Cronaca Viale Venezia

Poliziotto aggredito in strada: «Servono la pistola elettrica e le telecamere sulle divise»

La richiesta arriva da Nicola Tioni, segretario provinciale del Sap, dopo l'ultimo episodio che ha visto il ferimento al volto di un agente in viale Venezia

«Il taser avrebbe permesso di fermare subito quell’uomo riducendo del tutto il contatto fisico, senza rischi dunque. Lo chiediamo a gran voce, visto che anche Udine non è immune da episodi che oramai sono all’ordine del giorno come su tutte le strade d’Italia». a parlare è Nicola Tioni, segretario provinciale del Sap di Udine, in riferimento all'episodio che si è verificato in viale Venezia nella notte tra lunedì e martedì, con un uomo in stato di alterazione alcolica che ha ferito al volto un poliziotto.

Il taser

Per Tioni la "pistola elettrica" è la soluzione più efficace. «La sua sperimentazione – spiega il sindacalista – in altre città d'Italia ha dimostrato l'utilità dello stesso, ora si concludano gli iter burocratici e anche i poliziotti di Udine vengano dotati del taser. I colleghi sono stati molto bravi e professionali, ma situazioni del genere non sono per nulla facili da gestire.
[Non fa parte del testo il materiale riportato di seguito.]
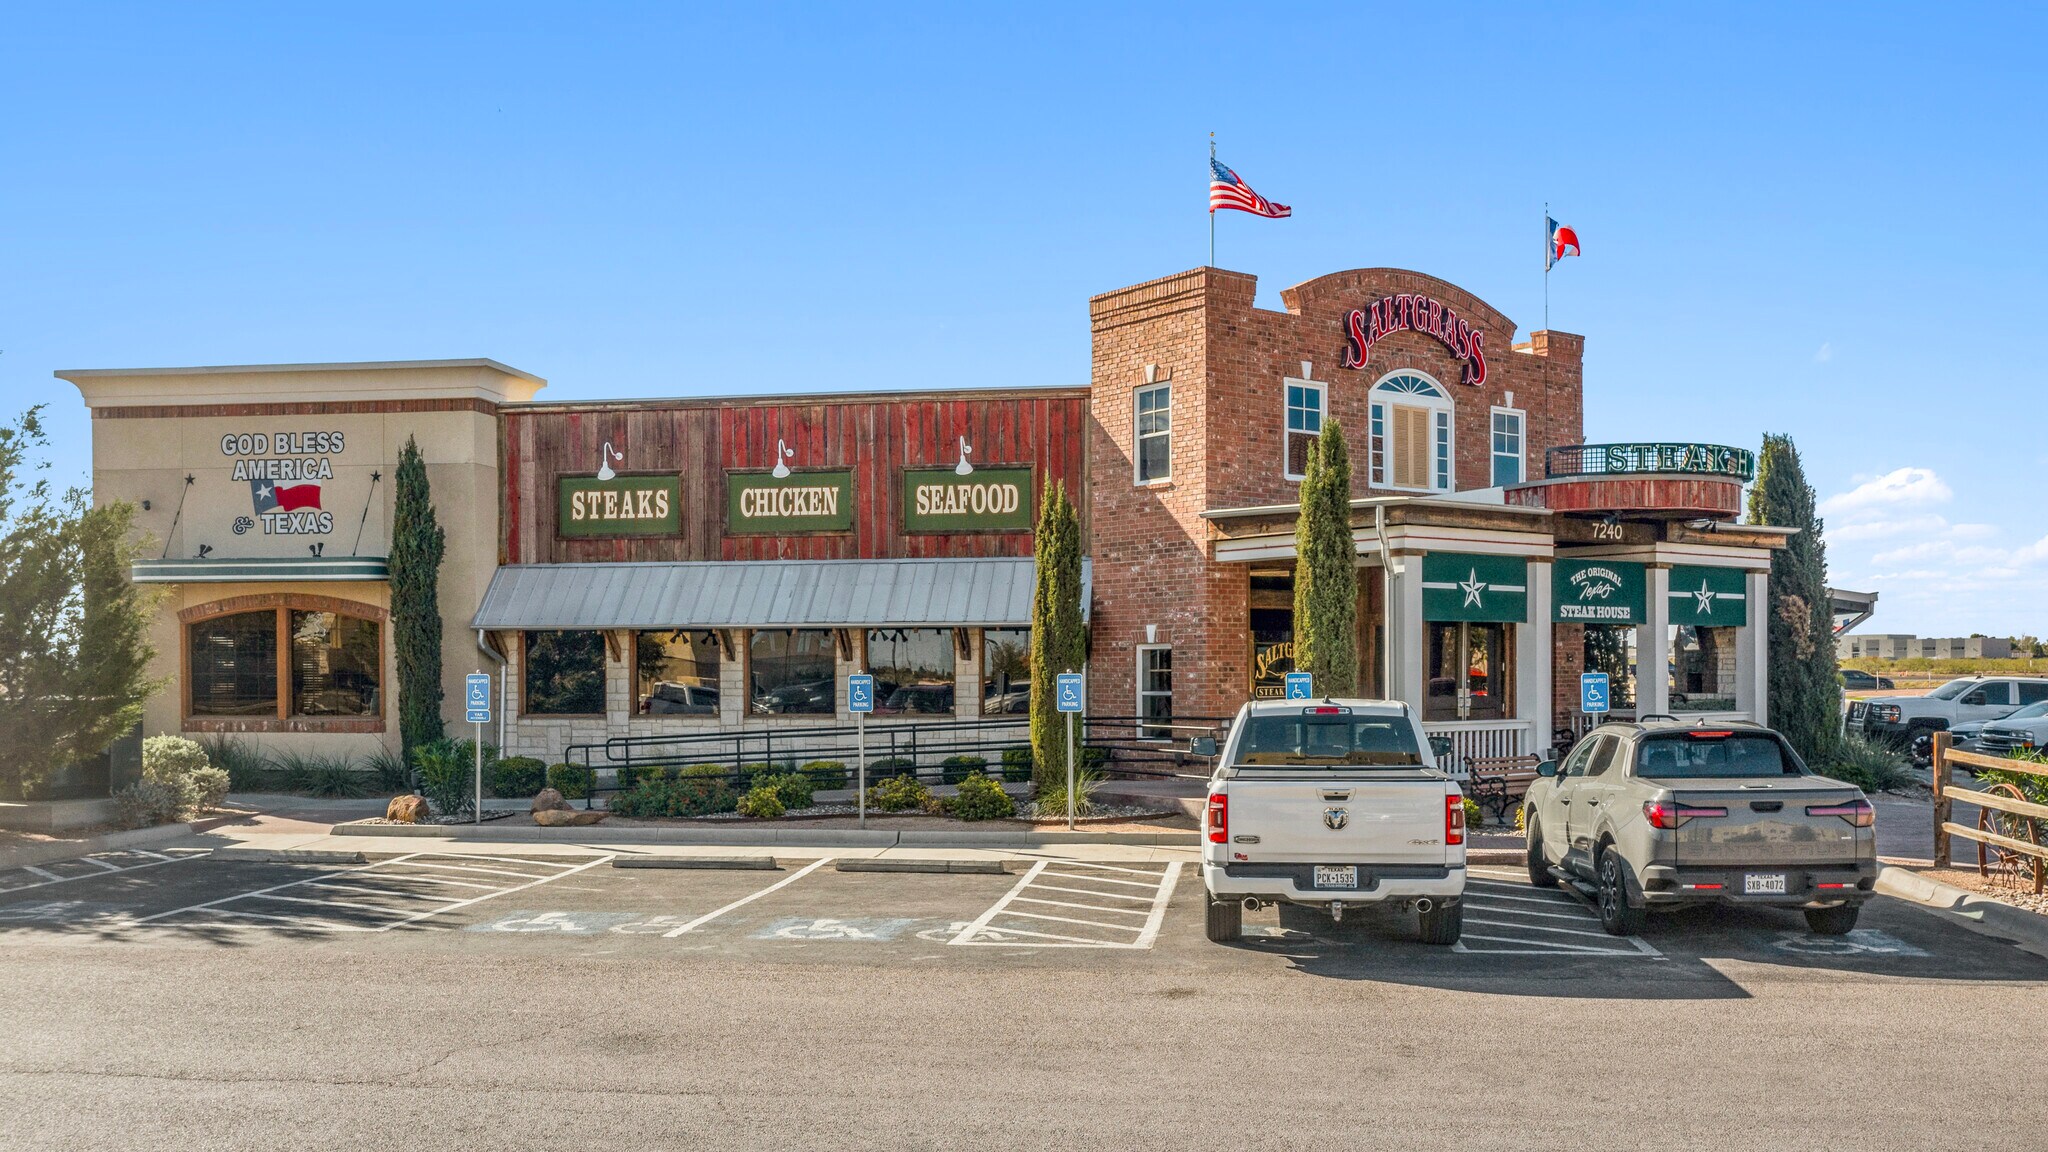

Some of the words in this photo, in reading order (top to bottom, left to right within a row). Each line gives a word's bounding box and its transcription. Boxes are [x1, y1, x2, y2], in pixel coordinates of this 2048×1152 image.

[1345, 294, 1487, 386] SALTGRASS
[220, 433, 269, 456] GOD
[274, 431, 345, 455] BLESS
[231, 457, 333, 481] AMERICA
[572, 489, 669, 520] STEAKS
[740, 486, 839, 517] CHICKEN
[916, 483, 1018, 515] SEAFOOD
[232, 516, 254, 535] &
[260, 511, 334, 535] TEXAS
[1592, 522, 1623, 540] 7240
[1570, 569, 1587, 586] THE
[1587, 567, 1622, 588] ORIGINAL
[1560, 604, 1596, 618] STEAK
[1597, 606, 1631, 619] HOUSE
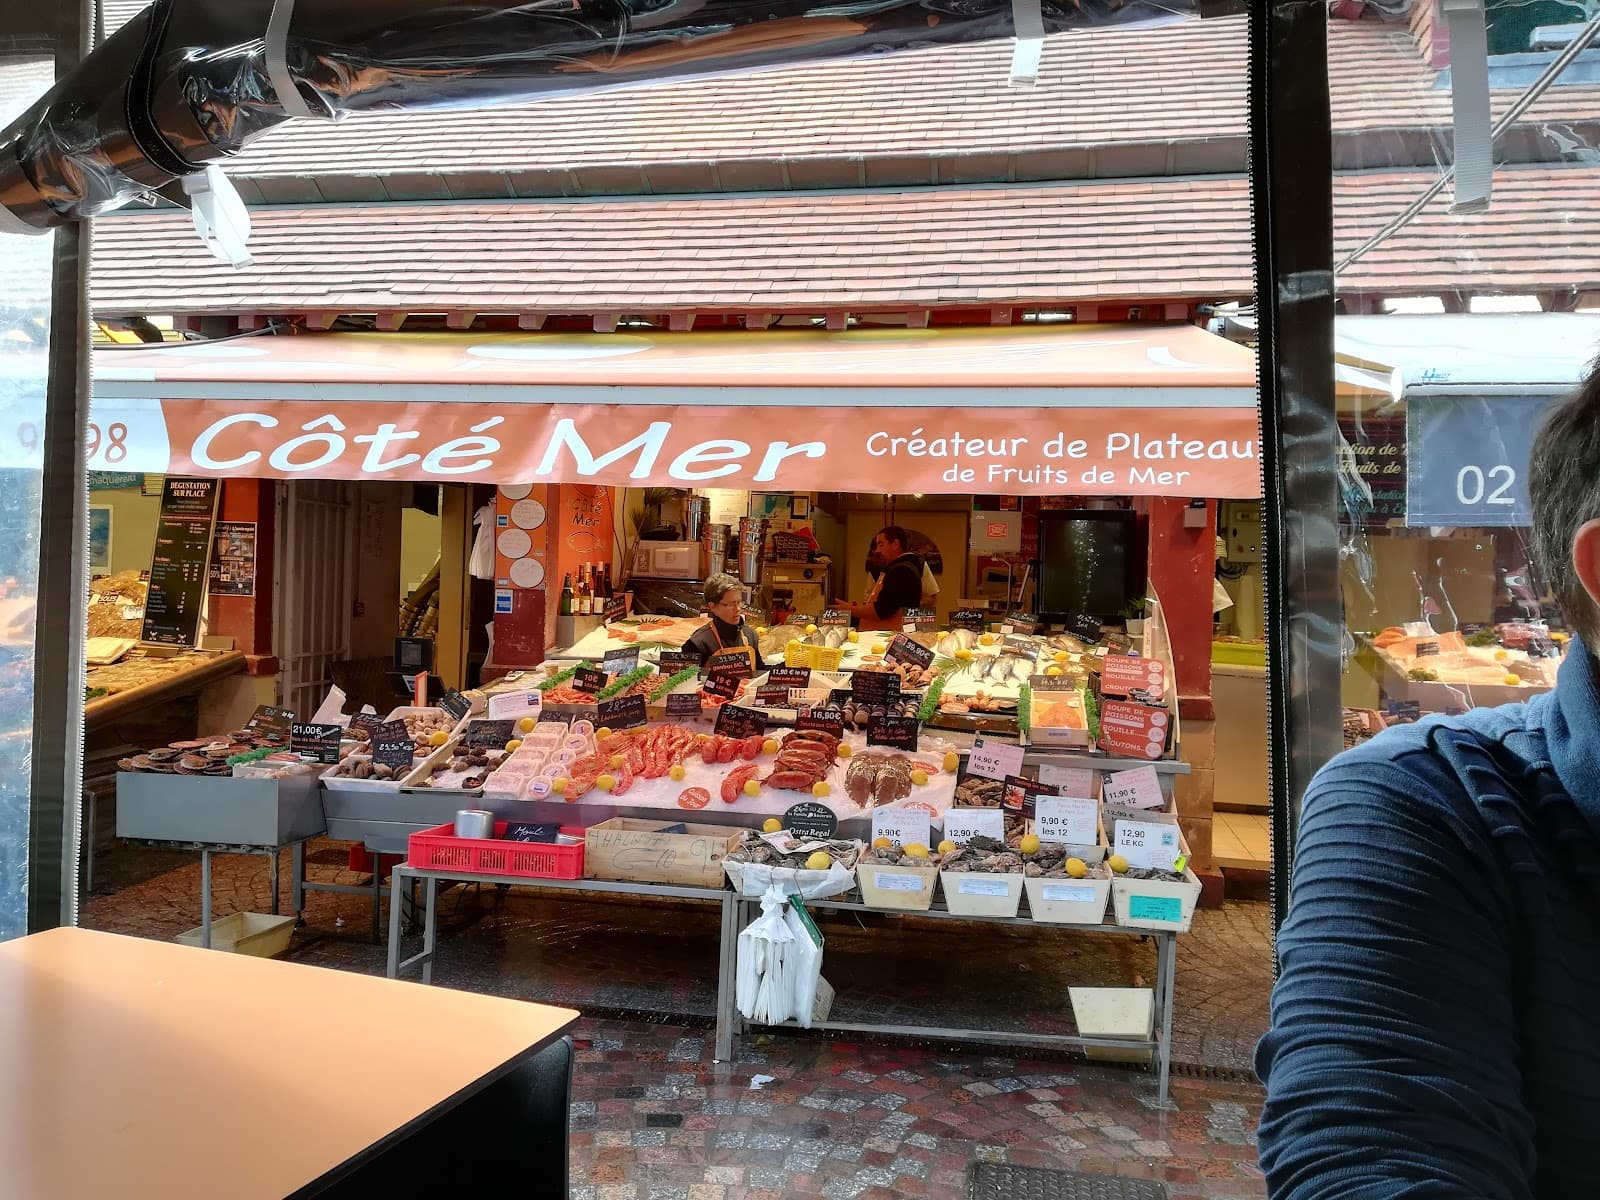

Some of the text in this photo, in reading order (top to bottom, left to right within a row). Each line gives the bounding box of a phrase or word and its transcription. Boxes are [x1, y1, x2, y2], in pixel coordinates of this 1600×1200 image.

[190, 412, 827, 482] Côté Mer
[866, 427, 1261, 461] Créateur de Plateau
[942, 464, 1191, 486] de Fruits de Mer
[1456, 465, 1516, 505] 02
[572, 512, 600, 527] Mer
[1105, 662, 1143, 670] POISSONS
[812, 711, 841, 720] 16,90€
[1106, 704, 1145, 716] SOUPE DE
[1105, 711, 1145, 723] POISSONS
[292, 724, 323, 735] 21,00€
[1100, 738, 1142, 751] COUTONS
[1041, 816, 1069, 826] 9,90 €
[948, 828, 971, 838] 12,90
[1042, 827, 1069, 837] les 12
[1121, 829, 1146, 839] 12,90
[1120, 838, 1144, 848] LE KG
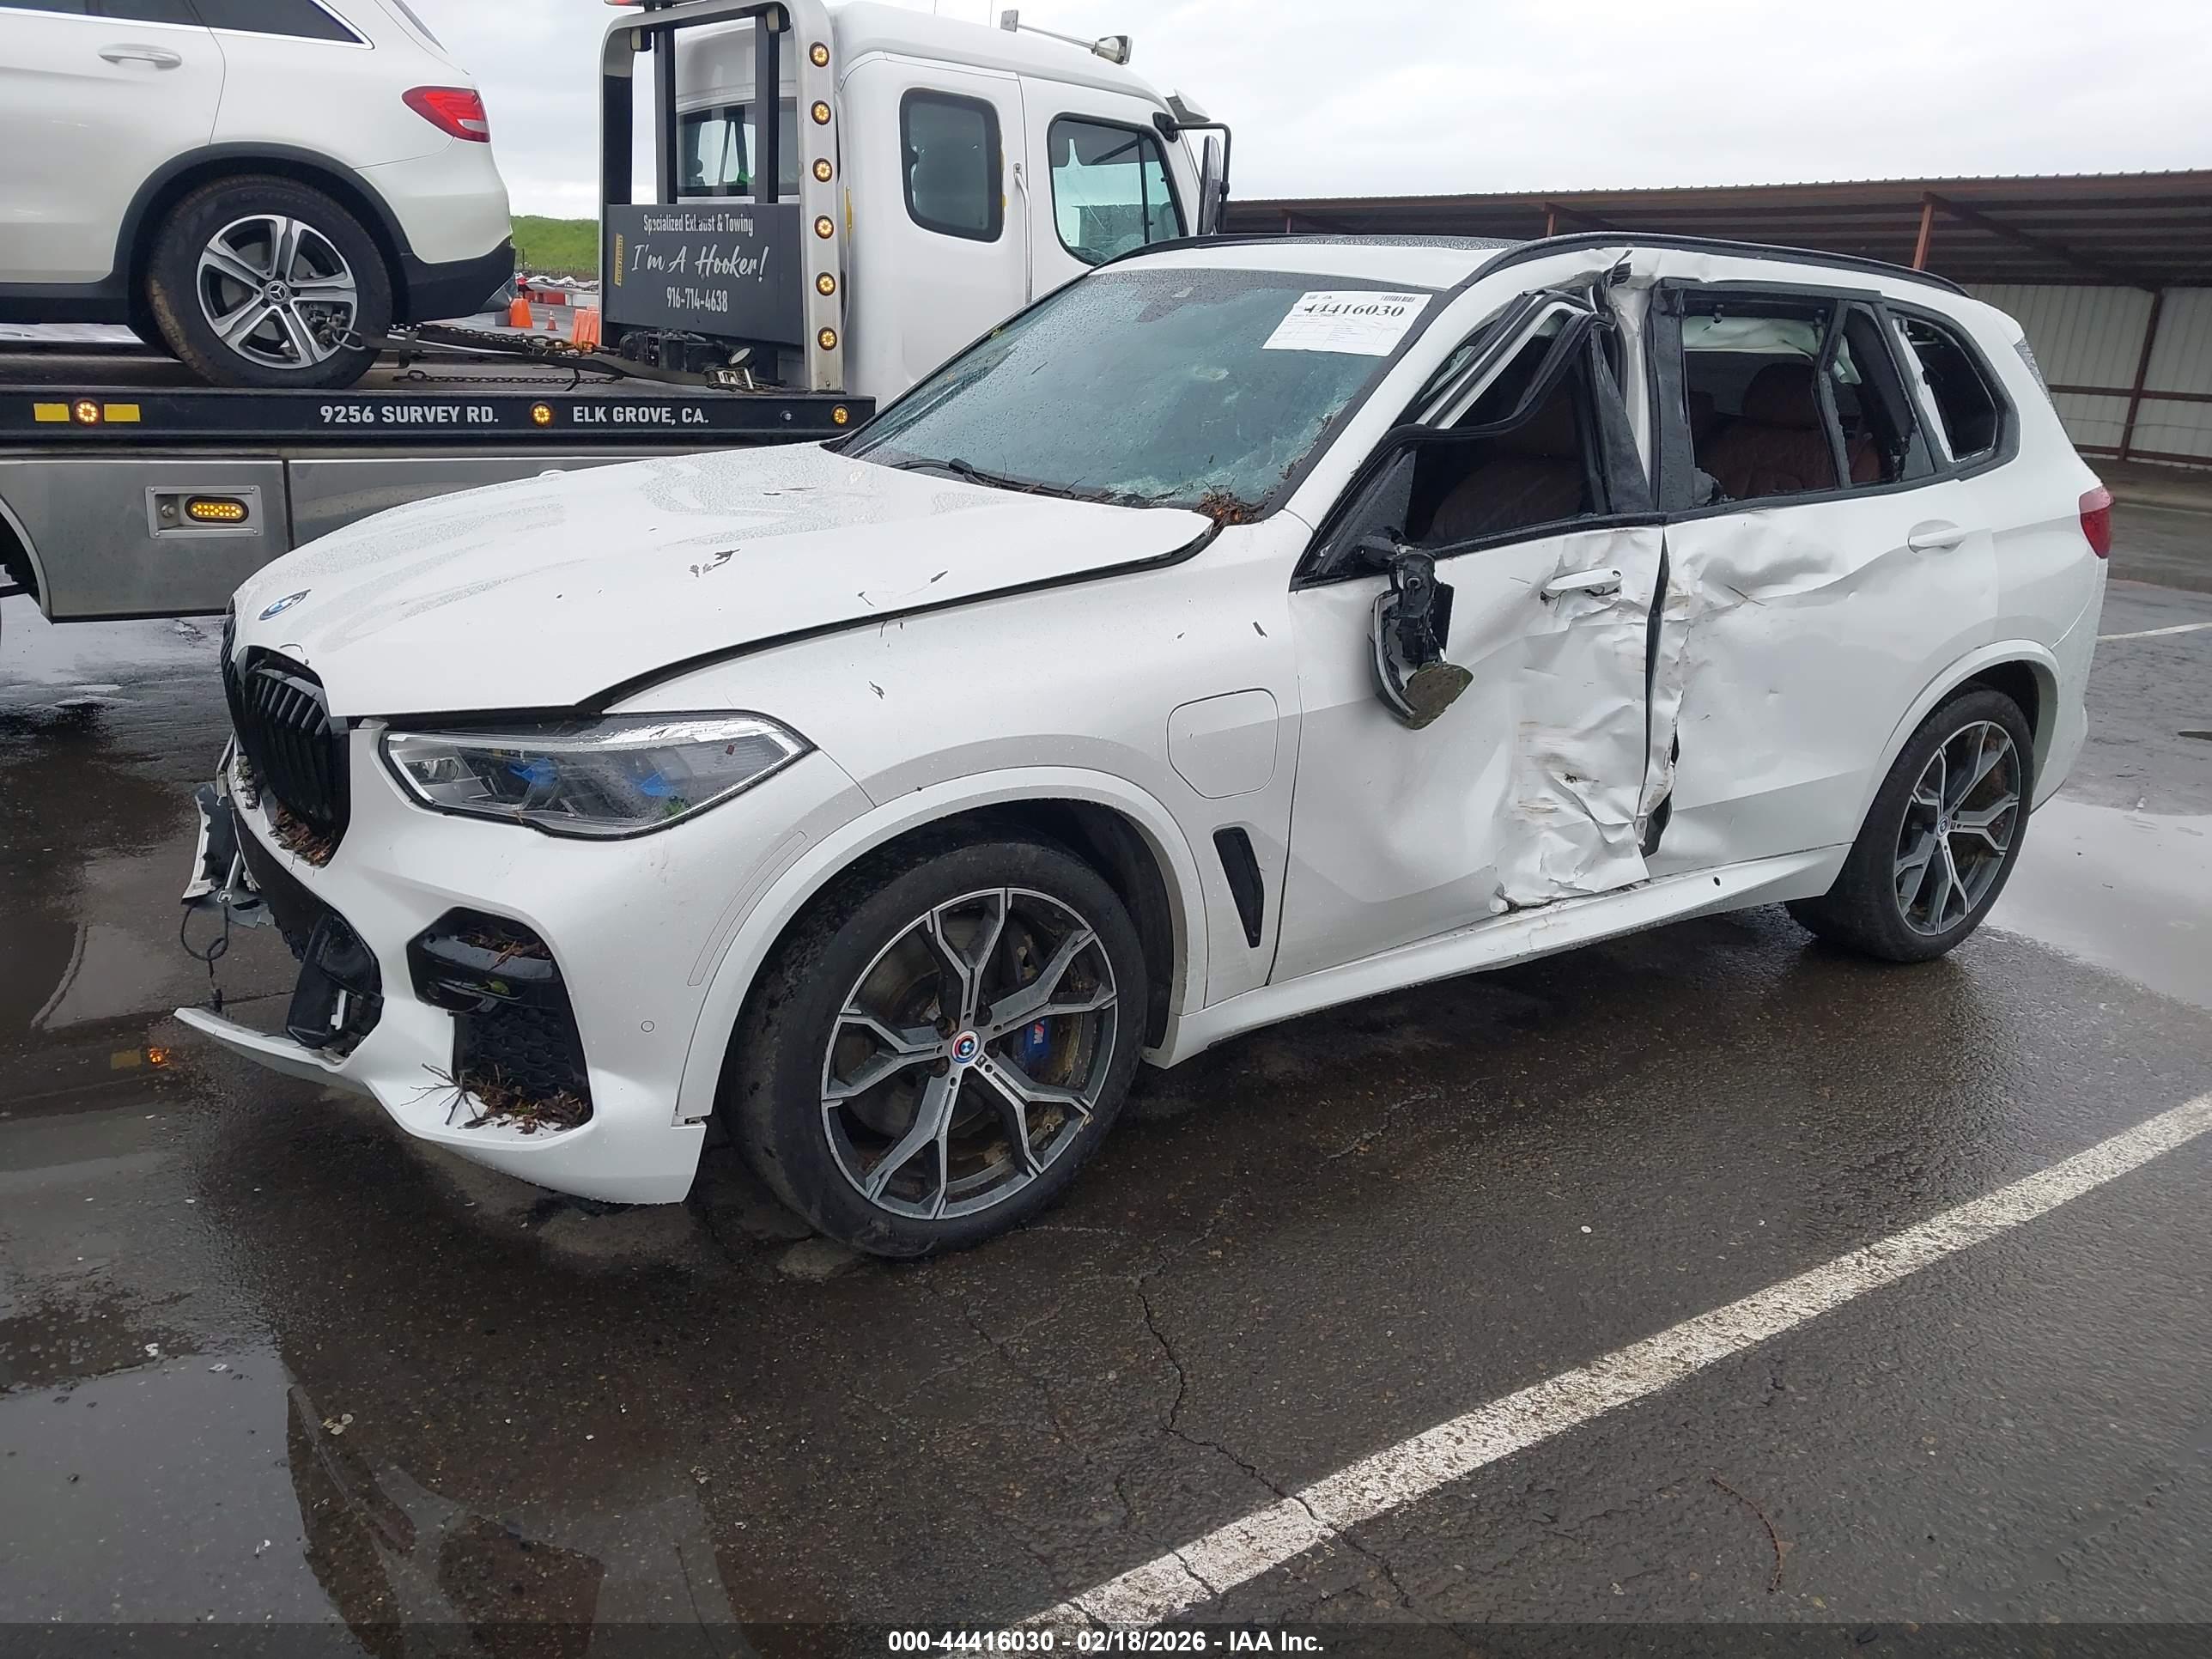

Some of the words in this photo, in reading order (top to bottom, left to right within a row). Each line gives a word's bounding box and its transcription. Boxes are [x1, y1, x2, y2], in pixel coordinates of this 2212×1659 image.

Per questo motivo, chiediamo da sempre idonee garanzie funzionali affinché noi poliziotti possiamo operare su strada in maniera sicura garantendo la maggiore efficacia del nostro servizio».

Telecamere

«Oltre al taser – chiude Tioni – è da anni che il Sap chiede anche telecamere su divise, auto di servizio e celle di sicurezza, per operare in trasparenza, documentare ogni secondo del nostro intervento senza prestare il fianco a denunce false e strumentali.
Siamo nel giusto e non abbiamo paura a metterci la faccia».